Material for this exercise below:

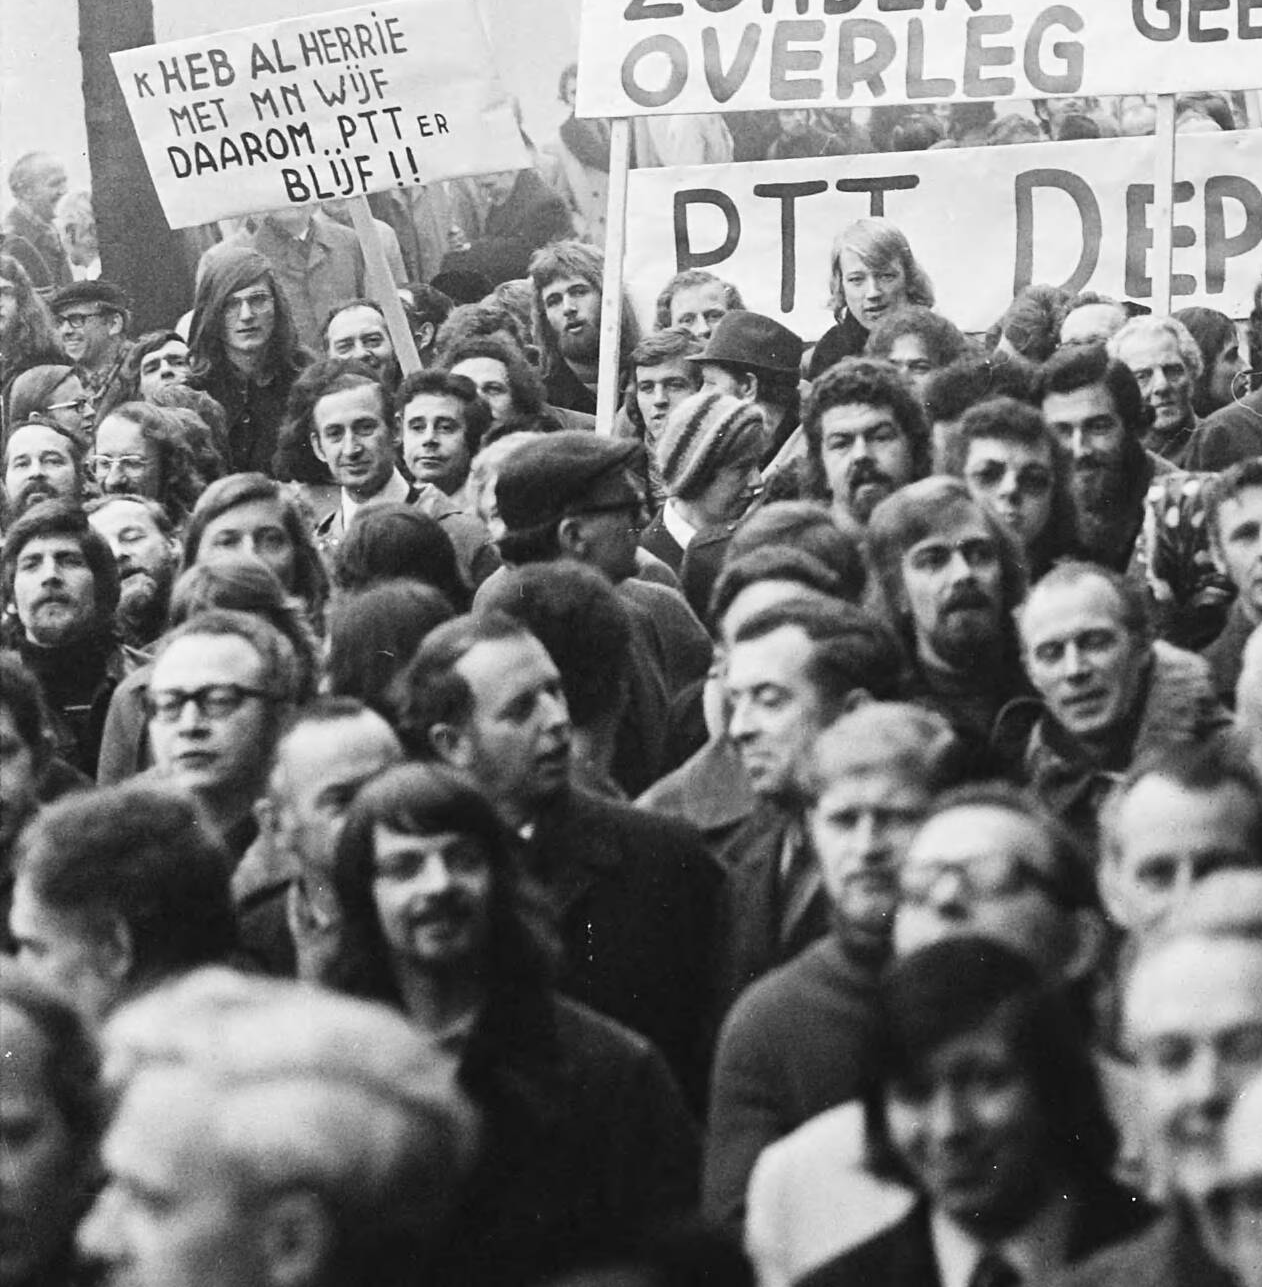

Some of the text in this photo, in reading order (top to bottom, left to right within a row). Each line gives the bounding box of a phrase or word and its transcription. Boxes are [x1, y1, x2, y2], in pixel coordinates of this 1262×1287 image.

[158, 48, 236, 94] HEB
[250, 39, 297, 80] AL
[621, 4, 1085, 107] OVERLEG
[168, 98, 230, 137] MET
[250, 83, 307, 122] MN
[673, 174, 920, 314] PTT

End of Material for this exercise.

* Directions
Please write every line above out exactly as given, except for any pictures.

* Response for this exercise
Some of the text in this photo, in reading order (top to bottom, left to right within a row). Each line gives the bounding box of a phrase or word and its transcription. Boxes are [x1, y1, x2, y2], in pixel coordinates of this 1262×1287 image.

[158, 48, 236, 94] HEB
[250, 39, 297, 80] AL
[621, 4, 1085, 107] OVERLEG
[168, 98, 230, 137] MET
[250, 83, 307, 122] MN
[673, 174, 920, 314] PTT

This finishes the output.